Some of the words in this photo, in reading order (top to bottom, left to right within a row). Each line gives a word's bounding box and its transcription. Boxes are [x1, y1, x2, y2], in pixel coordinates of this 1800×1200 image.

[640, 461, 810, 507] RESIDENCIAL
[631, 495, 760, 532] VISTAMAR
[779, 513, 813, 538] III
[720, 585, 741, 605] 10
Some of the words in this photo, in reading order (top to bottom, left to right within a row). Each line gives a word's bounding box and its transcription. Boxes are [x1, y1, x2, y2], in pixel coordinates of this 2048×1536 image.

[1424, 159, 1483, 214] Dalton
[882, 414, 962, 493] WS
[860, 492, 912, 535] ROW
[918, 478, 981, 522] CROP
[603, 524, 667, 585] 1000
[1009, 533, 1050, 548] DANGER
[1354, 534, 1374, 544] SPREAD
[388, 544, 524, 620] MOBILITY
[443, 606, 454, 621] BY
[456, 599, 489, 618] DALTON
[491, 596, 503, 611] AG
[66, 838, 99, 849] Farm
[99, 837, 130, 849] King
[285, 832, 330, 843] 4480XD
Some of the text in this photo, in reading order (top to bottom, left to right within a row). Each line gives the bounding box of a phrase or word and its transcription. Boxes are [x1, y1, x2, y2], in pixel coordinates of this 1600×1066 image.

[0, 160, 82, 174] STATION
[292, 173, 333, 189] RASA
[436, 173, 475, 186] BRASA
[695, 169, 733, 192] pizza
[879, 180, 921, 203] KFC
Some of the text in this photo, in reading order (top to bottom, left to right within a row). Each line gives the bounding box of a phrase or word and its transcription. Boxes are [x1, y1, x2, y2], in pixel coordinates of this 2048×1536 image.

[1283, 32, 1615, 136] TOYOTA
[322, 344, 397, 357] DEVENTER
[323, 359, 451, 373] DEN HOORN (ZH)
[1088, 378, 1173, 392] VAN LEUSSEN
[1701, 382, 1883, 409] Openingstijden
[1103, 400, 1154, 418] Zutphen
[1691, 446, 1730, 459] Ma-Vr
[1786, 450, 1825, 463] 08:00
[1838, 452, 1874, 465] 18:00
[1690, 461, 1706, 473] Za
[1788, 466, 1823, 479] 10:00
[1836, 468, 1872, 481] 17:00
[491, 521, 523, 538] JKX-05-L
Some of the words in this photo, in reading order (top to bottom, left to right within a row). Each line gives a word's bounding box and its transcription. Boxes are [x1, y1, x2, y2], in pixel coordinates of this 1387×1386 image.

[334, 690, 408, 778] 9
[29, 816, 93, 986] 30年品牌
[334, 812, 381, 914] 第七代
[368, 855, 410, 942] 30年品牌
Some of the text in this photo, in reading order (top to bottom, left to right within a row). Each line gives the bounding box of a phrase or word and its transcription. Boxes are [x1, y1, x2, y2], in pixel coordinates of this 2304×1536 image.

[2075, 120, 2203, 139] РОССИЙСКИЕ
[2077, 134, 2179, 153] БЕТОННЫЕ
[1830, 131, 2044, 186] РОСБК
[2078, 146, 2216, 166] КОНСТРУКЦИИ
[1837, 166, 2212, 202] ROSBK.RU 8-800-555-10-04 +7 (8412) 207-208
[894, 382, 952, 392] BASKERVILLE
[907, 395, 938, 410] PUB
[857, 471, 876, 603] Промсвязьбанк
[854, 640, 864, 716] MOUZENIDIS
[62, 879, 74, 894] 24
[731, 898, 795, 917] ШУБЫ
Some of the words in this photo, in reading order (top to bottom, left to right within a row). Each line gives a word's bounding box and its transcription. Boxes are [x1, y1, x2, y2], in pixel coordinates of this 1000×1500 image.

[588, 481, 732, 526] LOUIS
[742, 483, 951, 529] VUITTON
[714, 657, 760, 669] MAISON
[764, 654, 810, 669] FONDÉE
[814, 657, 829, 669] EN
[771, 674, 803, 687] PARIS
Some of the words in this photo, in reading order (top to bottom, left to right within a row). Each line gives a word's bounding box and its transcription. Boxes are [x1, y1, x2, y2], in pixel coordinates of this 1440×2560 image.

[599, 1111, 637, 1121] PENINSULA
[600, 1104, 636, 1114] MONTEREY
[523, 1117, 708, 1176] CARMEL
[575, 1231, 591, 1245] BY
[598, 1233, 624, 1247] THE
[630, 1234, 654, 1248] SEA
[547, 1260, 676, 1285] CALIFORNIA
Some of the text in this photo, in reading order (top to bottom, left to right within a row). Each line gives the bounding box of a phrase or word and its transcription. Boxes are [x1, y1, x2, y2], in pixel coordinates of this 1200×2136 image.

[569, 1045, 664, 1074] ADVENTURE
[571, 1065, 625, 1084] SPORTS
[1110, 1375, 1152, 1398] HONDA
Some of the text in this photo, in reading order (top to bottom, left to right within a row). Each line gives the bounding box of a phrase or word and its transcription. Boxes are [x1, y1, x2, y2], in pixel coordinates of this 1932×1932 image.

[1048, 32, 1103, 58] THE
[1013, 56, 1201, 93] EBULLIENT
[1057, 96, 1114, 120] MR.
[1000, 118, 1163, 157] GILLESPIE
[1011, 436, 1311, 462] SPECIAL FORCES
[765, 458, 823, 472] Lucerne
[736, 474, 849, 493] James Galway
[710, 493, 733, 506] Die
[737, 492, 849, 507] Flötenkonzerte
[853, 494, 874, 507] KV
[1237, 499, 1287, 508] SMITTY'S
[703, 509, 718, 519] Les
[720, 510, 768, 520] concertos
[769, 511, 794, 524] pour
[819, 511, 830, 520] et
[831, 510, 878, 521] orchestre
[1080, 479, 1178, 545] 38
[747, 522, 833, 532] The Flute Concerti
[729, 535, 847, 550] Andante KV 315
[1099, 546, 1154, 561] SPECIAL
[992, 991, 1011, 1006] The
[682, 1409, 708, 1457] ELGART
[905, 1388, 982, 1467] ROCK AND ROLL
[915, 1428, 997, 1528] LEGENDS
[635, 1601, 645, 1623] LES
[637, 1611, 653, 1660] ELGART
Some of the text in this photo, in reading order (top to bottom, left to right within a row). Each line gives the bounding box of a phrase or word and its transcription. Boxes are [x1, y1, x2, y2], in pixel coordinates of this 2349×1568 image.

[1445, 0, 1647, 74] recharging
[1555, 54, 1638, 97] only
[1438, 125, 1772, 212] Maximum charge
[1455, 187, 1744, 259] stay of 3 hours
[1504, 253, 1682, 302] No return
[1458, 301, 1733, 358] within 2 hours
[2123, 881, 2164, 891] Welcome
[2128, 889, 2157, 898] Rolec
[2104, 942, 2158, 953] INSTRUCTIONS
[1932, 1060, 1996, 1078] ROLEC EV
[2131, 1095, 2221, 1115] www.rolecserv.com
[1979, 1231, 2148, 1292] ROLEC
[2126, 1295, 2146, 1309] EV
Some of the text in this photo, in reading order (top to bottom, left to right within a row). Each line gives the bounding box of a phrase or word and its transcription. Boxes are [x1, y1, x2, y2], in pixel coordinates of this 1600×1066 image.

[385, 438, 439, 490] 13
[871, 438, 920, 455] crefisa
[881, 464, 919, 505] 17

### WHAT IS BEING ASKED
Each line of the material above needs to be returned exactly as written.

### PROBLEM SOLUTION
Some of the words in this photo, in reading order (top to bottom, left to right within a row). Each line gives a word's bounding box and its transcription. Boxes are [x1, y1, x2, y2], in pixel coordinates of this 1800×1200 image.

[640, 461, 810, 507] RESIDENCIAL
[631, 495, 760, 532] VISTAMAR
[779, 513, 813, 538] III
[720, 585, 741, 605] 10
Some of the words in this photo, in reading order (top to bottom, left to right within a row). Each line gives a word's bounding box and its transcription. Boxes are [x1, y1, x2, y2], in pixel coordinates of this 2048×1536 image.

[1424, 159, 1483, 214] Dalton
[882, 414, 962, 493] WS
[860, 492, 912, 535] ROW
[918, 478, 981, 522] CROP
[603, 524, 667, 585] 1000
[1009, 533, 1050, 548] DANGER
[1354, 534, 1374, 544] SPREAD
[388, 544, 524, 620] MOBILITY
[443, 606, 454, 621] BY
[456, 599, 489, 618] DALTON
[491, 596, 503, 611] AG
[66, 838, 99, 849] Farm
[99, 837, 130, 849] King
[285, 832, 330, 843] 4480XD
Some of the text in this photo, in reading order (top to bottom, left to right within a row). Each line gives the bounding box of a phrase or word and its transcription. Boxes are [x1, y1, x2, y2], in pixel coordinates of this 1600×1066 image.

[0, 160, 82, 174] STATION
[292, 173, 333, 189] RASA
[436, 173, 475, 186] BRASA
[695, 169, 733, 192] pizza
[879, 180, 921, 203] KFC
Some of the text in this photo, in reading order (top to bottom, left to right within a row). Each line gives the bounding box of a phrase or word and its transcription. Boxes are [x1, y1, x2, y2], in pixel coordinates of this 2048×1536 image.

[1283, 32, 1615, 136] TOYOTA
[322, 344, 397, 357] DEVENTER
[323, 359, 451, 373] DEN HOORN (ZH)
[1088, 378, 1173, 392] VAN LEUSSEN
[1701, 382, 1883, 409] Openingstijden
[1103, 400, 1154, 418] Zutphen
[1691, 446, 1730, 459] Ma-Vr
[1786, 450, 1825, 463] 08:00
[1838, 452, 1874, 465] 18:00
[1690, 461, 1706, 473] Za
[1788, 466, 1823, 479] 10:00
[1836, 468, 1872, 481] 17:00
[491, 521, 523, 538] JKX-05-L
Some of the words in this photo, in reading order (top to bottom, left to right within a row). Each line gives a word's bounding box and its transcription. Boxes are [x1, y1, x2, y2], in pixel coordinates of this 1387×1386 image.

[334, 690, 408, 778] 9
[29, 816, 93, 986] 30年品牌
[334, 812, 381, 914] 第七代
[368, 855, 410, 942] 30年品牌
Some of the text in this photo, in reading order (top to bottom, left to right within a row). Each line gives the bounding box of a phrase or word and its transcription. Boxes are [x1, y1, x2, y2], in pixel coordinates of this 2304×1536 image.

[2075, 120, 2203, 139] РОССИЙСКИЕ
[2077, 134, 2179, 153] БЕТОННЫЕ
[1830, 131, 2044, 186] РОСБК
[2078, 146, 2216, 166] КОНСТРУКЦИИ
[1837, 166, 2212, 202] ROSBK.RU 8-800-555-10-04 +7 (8412) 207-208
[894, 382, 952, 392] BASKERVILLE
[907, 395, 938, 410] PUB
[857, 471, 876, 603] Промсвязьбанк
[854, 640, 864, 716] MOUZENIDIS
[62, 879, 74, 894] 24
[731, 898, 795, 917] ШУБЫ
Some of the words in this photo, in reading order (top to bottom, left to right within a row). Each line gives a word's bounding box and its transcription. Boxes are [x1, y1, x2, y2], in pixel coordinates of this 1000×1500 image.

[588, 481, 732, 526] LOUIS
[742, 483, 951, 529] VUITTON
[714, 657, 760, 669] MAISON
[764, 654, 810, 669] FONDÉE
[814, 657, 829, 669] EN
[771, 674, 803, 687] PARIS
Some of the words in this photo, in reading order (top to bottom, left to right within a row). Each line gives a word's bounding box and its transcription. Boxes are [x1, y1, x2, y2], in pixel coordinates of this 1440×2560 image.

[599, 1111, 637, 1121] PENINSULA
[600, 1104, 636, 1114] MONTEREY
[523, 1117, 708, 1176] CARMEL
[575, 1231, 591, 1245] BY
[598, 1233, 624, 1247] THE
[630, 1234, 654, 1248] SEA
[547, 1260, 676, 1285] CALIFORNIA
Some of the text in this photo, in reading order (top to bottom, left to right within a row). Each line gives the bounding box of a phrase or word and its transcription. Boxes are [x1, y1, x2, y2], in pixel coordinates of this 1200×2136 image.

[569, 1045, 664, 1074] ADVENTURE
[571, 1065, 625, 1084] SPORTS
[1110, 1375, 1152, 1398] HONDA
Some of the text in this photo, in reading order (top to bottom, left to right within a row). Each line gives the bounding box of a phrase or word and its transcription. Boxes are [x1, y1, x2, y2], in pixel coordinates of this 1932×1932 image.

[1048, 32, 1103, 58] THE
[1013, 56, 1201, 93] EBULLIENT
[1057, 96, 1114, 120] MR.
[1000, 118, 1163, 157] GILLESPIE
[1011, 436, 1311, 462] SPECIAL FORCES
[765, 458, 823, 472] Lucerne
[736, 474, 849, 493] James Galway
[710, 493, 733, 506] Die
[737, 492, 849, 507] Flötenkonzerte
[853, 494, 874, 507] KV
[1237, 499, 1287, 508] SMITTY'S
[703, 509, 718, 519] Les
[720, 510, 768, 520] concertos
[769, 511, 794, 524] pour
[819, 511, 830, 520] et
[831, 510, 878, 521] orchestre
[1080, 479, 1178, 545] 38
[747, 522, 833, 532] The Flute Concerti
[729, 535, 847, 550] Andante KV 315
[1099, 546, 1154, 561] SPECIAL
[992, 991, 1011, 1006] The
[682, 1409, 708, 1457] ELGART
[905, 1388, 982, 1467] ROCK AND ROLL
[915, 1428, 997, 1528] LEGENDS
[635, 1601, 645, 1623] LES
[637, 1611, 653, 1660] ELGART
Some of the text in this photo, in reading order (top to bottom, left to right within a row). Each line gives the bounding box of a phrase or word and its transcription. Boxes are [x1, y1, x2, y2], in pixel coordinates of this 2349×1568 image.

[1445, 0, 1647, 74] recharging
[1555, 54, 1638, 97] only
[1438, 125, 1772, 212] Maximum charge
[1455, 187, 1744, 259] stay of 3 hours
[1504, 253, 1682, 302] No return
[1458, 301, 1733, 358] within 2 hours
[2123, 881, 2164, 891] Welcome
[2128, 889, 2157, 898] Rolec
[2104, 942, 2158, 953] INSTRUCTIONS
[1932, 1060, 1996, 1078] ROLEC EV
[2131, 1095, 2221, 1115] www.rolecserv.com
[1979, 1231, 2148, 1292] ROLEC
[2126, 1295, 2146, 1309] EV
Some of the text in this photo, in reading order (top to bottom, left to right within a row). Each line gives the bounding box of a phrase or word and its transcription. Boxes are [x1, y1, x2, y2], in pixel coordinates of this 1600×1066 image.

[385, 438, 439, 490] 13
[871, 438, 920, 455] crefisa
[881, 464, 919, 505] 17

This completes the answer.